Vulnerability scanners can't tell you that your policy is terrible or that the structure of your network is poor. They can't tell you that Frank in accounting took home all of your company's customer data, and they can't even begin to detect your lack of visibility into the traffic flowing across your WAN. What they can do for you (and me), however, is catch low-hanging vulnerabilities and report them in an automated manner and allow us to use our time handling other tasks. As with all tools in all industries, you can't expect a tool meant for one task to be the end-all, be-all solution to something as conceptually large and complex as "security."

To address the issue of lag time between vulnerability discovery and detection by a vulnerability scanner, I believe this is a moot point. This lag exists in all tools and solutions in one form or another, and where one tool or solution might have a lower lag than others, it can't be considered comprehensive. Specifically, Adriel suggests that teams of security professionals replace vulnerability scanners functionally in organizations. This is just plan silly for a variety of reasons. First is cost. an internal team of security professionals is simply out of the question financially for most organizations. Contracting out the service just once is also expensive compared to even the most expensive vulnerability scanners (Nessus goes for $1200/year/scanner, nCircle is upwards of $30k for the initial installation). Getting a team of specialists to do even the basics of what a vulnerability scanner can do is a waste.

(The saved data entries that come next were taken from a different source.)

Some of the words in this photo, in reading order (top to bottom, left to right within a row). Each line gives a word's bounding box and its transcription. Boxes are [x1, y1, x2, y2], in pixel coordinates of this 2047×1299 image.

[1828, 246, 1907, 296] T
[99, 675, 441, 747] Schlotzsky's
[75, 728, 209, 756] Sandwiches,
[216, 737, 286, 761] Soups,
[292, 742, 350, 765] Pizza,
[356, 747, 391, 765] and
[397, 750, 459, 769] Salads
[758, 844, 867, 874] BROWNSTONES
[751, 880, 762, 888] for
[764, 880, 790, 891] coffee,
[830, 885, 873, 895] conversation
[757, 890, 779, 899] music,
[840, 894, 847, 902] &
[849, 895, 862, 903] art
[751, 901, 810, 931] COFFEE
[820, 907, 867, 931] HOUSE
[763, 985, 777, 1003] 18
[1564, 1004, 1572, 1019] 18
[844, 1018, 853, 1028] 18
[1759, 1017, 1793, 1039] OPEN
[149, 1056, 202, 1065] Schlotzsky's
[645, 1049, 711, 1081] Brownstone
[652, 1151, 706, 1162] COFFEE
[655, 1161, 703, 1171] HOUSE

However, sticking to the title of this article, I believe that all tools and solutions have their place and that there is a proper process to attack any problem. For security, you first need to perform gap analysis. In the early stages of reaching a secure state, tools like vulnerability scanners are extremely useful, because they allow you to efficiently identify and address the most numerous and obvious flaws. A security professional's role here shouldn't require much direct interaction with the systems at all. Automated tools will churn up enough information to get an idea of where things stand, and help to identify major problems. This is your typical Vulnerability Assessment; a broad process which should take a shallow look at the whole organization, identify major and core issues, and develop a plan for action. This sets the current state and outlines a goal state.

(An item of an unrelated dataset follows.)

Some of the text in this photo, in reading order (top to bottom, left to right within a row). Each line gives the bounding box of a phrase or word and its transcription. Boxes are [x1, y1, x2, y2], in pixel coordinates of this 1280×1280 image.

The middle parts of the process require different tools for different reasons. The vulnerability scanner is still very useful here for the tracking of remediation and detection of new minor issues, but gives way to higher-end planning and consulting which aims to set up controls which proactively secure the network, and do so in intelligently redundant layers. The latter parts of a security ramp-up are where the vulnerability scanner becomes a minor player in that it is used to catch smaller issues which fall through the more proactive steps put in place to take care of issues before they cause vulnerability. Also, this phase of the process is where penetration testing becomes relevant. As is stated in this rather controversial prediction by Brian Chess, penetration testing should be used as testing is in the scientific process. That is, penetration testing should be used to test a theory. The theory should be something along the lines of: "security control ABC should stand up to XYZ types of attack, and those attacks should trip some sort of alarm when a certain point is reached." In other words, a security control is designed and put in place earlier in the process, then needs to be stress tested to prove that it is working as expected. This is exactly how we've approached penetration testing (especially since we make it very distinct from our vulnerability assessment service) since day one here at White Badger.

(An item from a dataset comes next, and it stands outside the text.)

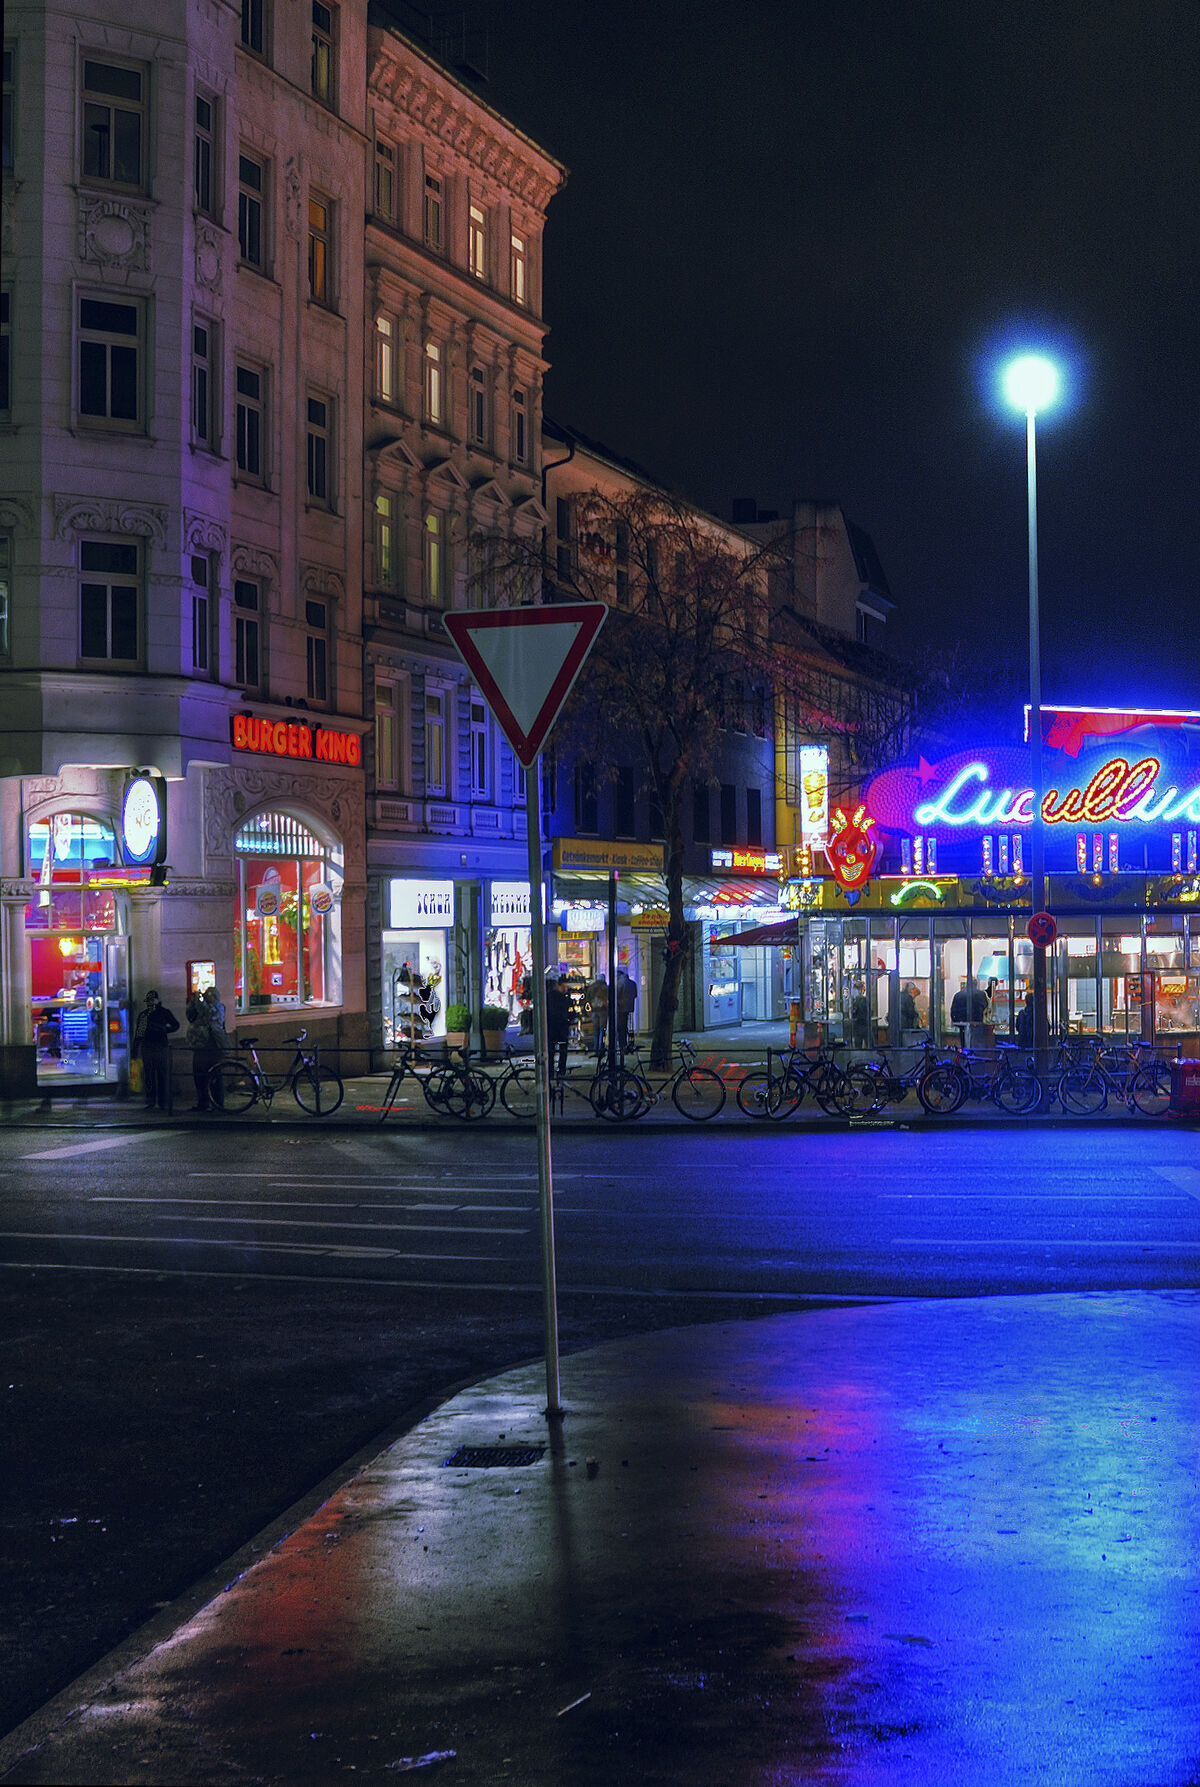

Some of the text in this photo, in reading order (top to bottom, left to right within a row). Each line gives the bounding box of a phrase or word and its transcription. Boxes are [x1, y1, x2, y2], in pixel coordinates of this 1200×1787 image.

[233, 714, 360, 766] BURGER KING
[491, 893, 531, 914] MESSME

So to sum up, early in the security ramp-up process (where most organizations haven't even started), automated tools like vulnerability scanners have a huge amount of value because they allow for a large amount of data to be collected and acted on in a very efficient manner. As the process goes on, the more automated tools give way to more specialized tools used to assess certain specific hosts/services/vulnerabilities. At the end of the process, penetration testing is performed, and that is almost entirely manual. The best (in my opinion, the best are the most realistic, regardless of scale) penetration tests will combine attack methods from all different angles to properly estimate the success rate of exploiting a vulnerability.

Vulnerability scanners aren't worthless. That's like saying that a table saw is worthless because all woodworking can be done with a screwdriver and a utility knife. The worth of a tool is directly proportional to its cost and benefit. Vulnerability scanners generally have a low cost relative to their closest alternatives, and a high payoff so long as the expectation is reasonable. They have their place in the security process and won't be replaced functionally by an adjacent tool any time soon.

Compliance is just the beginning!

Know your enemy. Know your weaknesses. Have a plan.

Behind these seemingly simple statements lies a lot of thought. Firstly, we talk about compliance. By definition, compliance means that you comply with standards. These standards are set up as a bare minimum operating level for any given industry so that all the players meet some standard set of rules and can work together based on them. With cars, it's state inspection. With food preparation, it's health inspection. With any structure, it's building code. In every one of these, the bare minimum is almost always just that, and the gross majority strive to be better. If your car only barely passes inspection, it's likely not very safe or efficient. If your food was cooked in a kitchen that got the lowest allowable score on a health inspection, there's a good chance that you'll be sick in the near future. If your house only meets building code minimums, it likely won't hold up very well in a wind storm.

So, given that compliance is just the bare minimum, and that the bare minimum is not something you should be aiming for, why is it that so much effort is spent in the financial industry on being compliant? Almost all of the security breaches in recent memory and likely in to the future have been and will be at organizations compliant with security requirements. Compliance is a minimum, and the minimum is never good enough when you're dealing with other people's money. Striving for compliance is like trying to come in last place.

Real security should be approached just like all other parts of the business. You need to have a metric, you need to measure it, and you need to manage it. In security, the metric is risk, and it is measured against cost and the risk mitigated. That's the theory anyways. In reality, it's so much more than just cost vs reward. Something we try and make clear to our customers is that there is a balanced security level for every organization, system, and situation. It is reached when security reaches a level where it complements all other parts of the business and is maintainable.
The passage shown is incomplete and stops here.